§ **Dataset**:

——

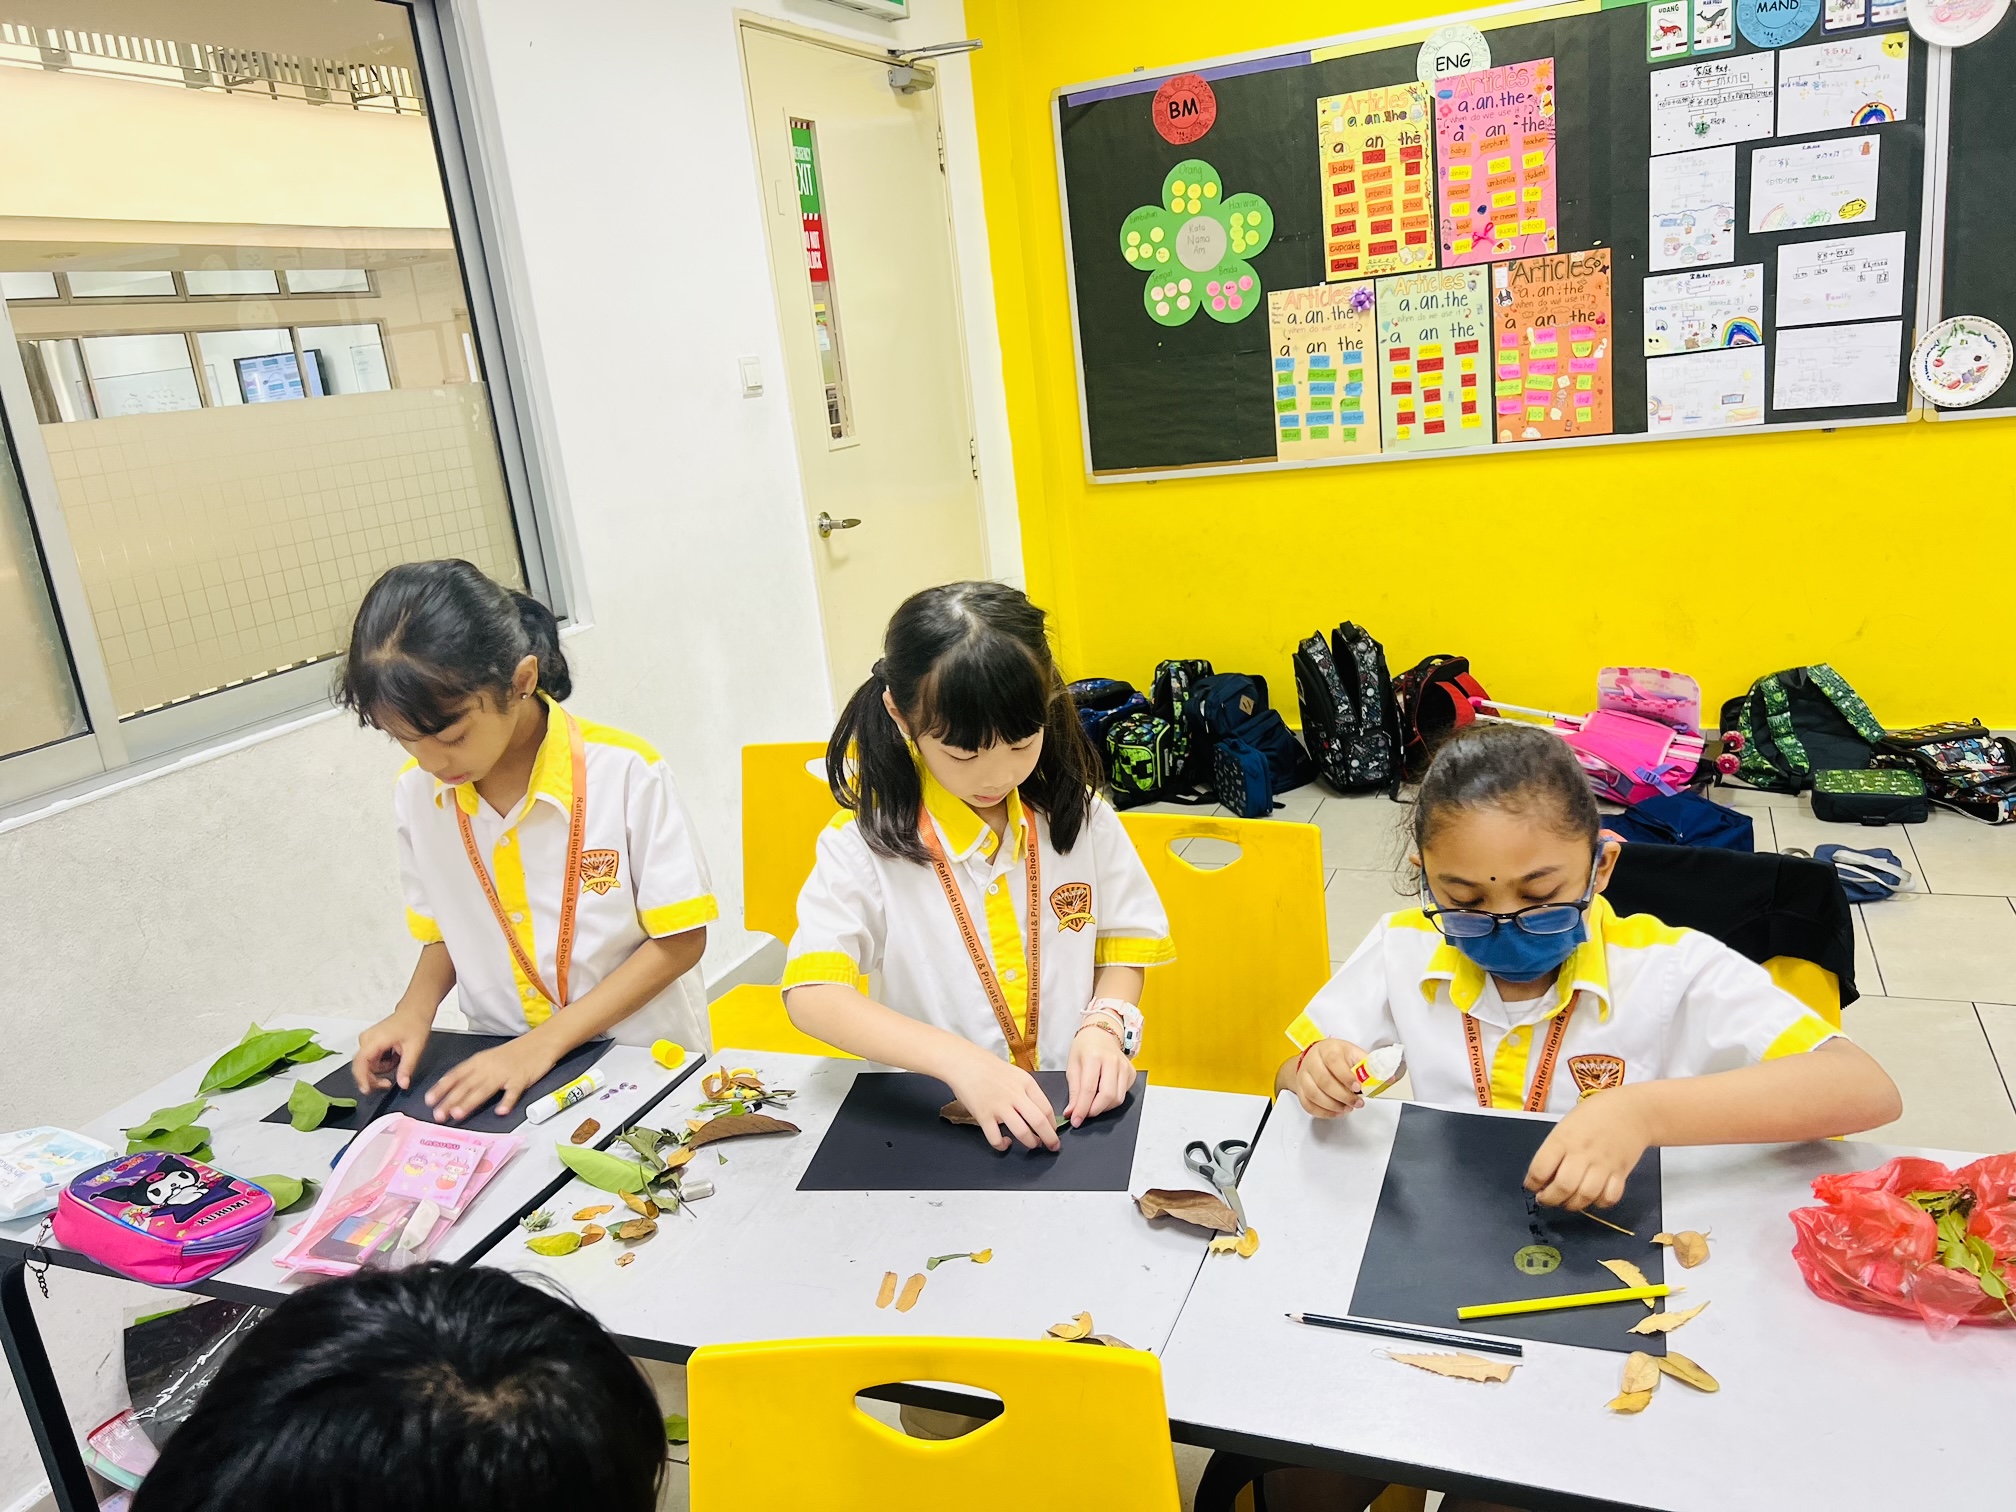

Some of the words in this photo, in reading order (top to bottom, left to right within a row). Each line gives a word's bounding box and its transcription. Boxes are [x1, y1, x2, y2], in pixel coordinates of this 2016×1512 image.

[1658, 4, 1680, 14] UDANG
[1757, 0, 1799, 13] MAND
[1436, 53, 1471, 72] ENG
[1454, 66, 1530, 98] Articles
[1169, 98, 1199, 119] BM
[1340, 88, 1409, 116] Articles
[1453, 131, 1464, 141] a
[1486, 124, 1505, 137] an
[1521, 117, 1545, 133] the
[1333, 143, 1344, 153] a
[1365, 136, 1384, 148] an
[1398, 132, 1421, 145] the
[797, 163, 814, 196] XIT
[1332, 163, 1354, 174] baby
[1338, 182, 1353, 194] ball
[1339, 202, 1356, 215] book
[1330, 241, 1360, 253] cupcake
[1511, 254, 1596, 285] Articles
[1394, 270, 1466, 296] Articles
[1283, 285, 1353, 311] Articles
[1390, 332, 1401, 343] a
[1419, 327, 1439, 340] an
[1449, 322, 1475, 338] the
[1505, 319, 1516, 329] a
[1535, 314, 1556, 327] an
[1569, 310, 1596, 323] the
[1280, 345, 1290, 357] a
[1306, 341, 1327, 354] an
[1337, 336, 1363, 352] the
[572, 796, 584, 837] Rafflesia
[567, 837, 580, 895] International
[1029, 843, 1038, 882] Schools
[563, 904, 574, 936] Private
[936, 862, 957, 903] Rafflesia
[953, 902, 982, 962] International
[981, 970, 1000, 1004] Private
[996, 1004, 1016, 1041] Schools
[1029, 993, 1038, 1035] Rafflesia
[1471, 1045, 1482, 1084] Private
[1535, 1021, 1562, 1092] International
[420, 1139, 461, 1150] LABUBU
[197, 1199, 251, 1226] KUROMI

——

§ **Action item**: A word-for-word restatement of all the lines above is needed, with the pictures omitted.

§ **Output below**:
Some of the words in this photo, in reading order (top to bottom, left to right within a row). Each line gives a word's bounding box and its transcription. Boxes are [x1, y1, x2, y2], in pixel coordinates of this 2016×1512 image.

[1658, 4, 1680, 14] UDANG
[1757, 0, 1799, 13] MAND
[1436, 53, 1471, 72] ENG
[1454, 66, 1530, 98] Articles
[1169, 98, 1199, 119] BM
[1340, 88, 1409, 116] Articles
[1453, 131, 1464, 141] a
[1486, 124, 1505, 137] an
[1521, 117, 1545, 133] the
[1333, 143, 1344, 153] a
[1365, 136, 1384, 148] an
[1398, 132, 1421, 145] the
[797, 163, 814, 196] XIT
[1332, 163, 1354, 174] baby
[1338, 182, 1353, 194] ball
[1339, 202, 1356, 215] book
[1330, 241, 1360, 253] cupcake
[1511, 254, 1596, 285] Articles
[1394, 270, 1466, 296] Articles
[1283, 285, 1353, 311] Articles
[1390, 332, 1401, 343] a
[1419, 327, 1439, 340] an
[1449, 322, 1475, 338] the
[1505, 319, 1516, 329] a
[1535, 314, 1556, 327] an
[1569, 310, 1596, 323] the
[1280, 345, 1290, 357] a
[1306, 341, 1327, 354] an
[1337, 336, 1363, 352] the
[572, 796, 584, 837] Rafflesia
[567, 837, 580, 895] International
[1029, 843, 1038, 882] Schools
[563, 904, 574, 936] Private
[936, 862, 957, 903] Rafflesia
[953, 902, 982, 962] International
[981, 970, 1000, 1004] Private
[996, 1004, 1016, 1041] Schools
[1029, 993, 1038, 1035] Rafflesia
[1471, 1045, 1482, 1084] Private
[1535, 1021, 1562, 1092] International
[420, 1139, 461, 1150] LABUBU
[197, 1199, 251, 1226] KUROMI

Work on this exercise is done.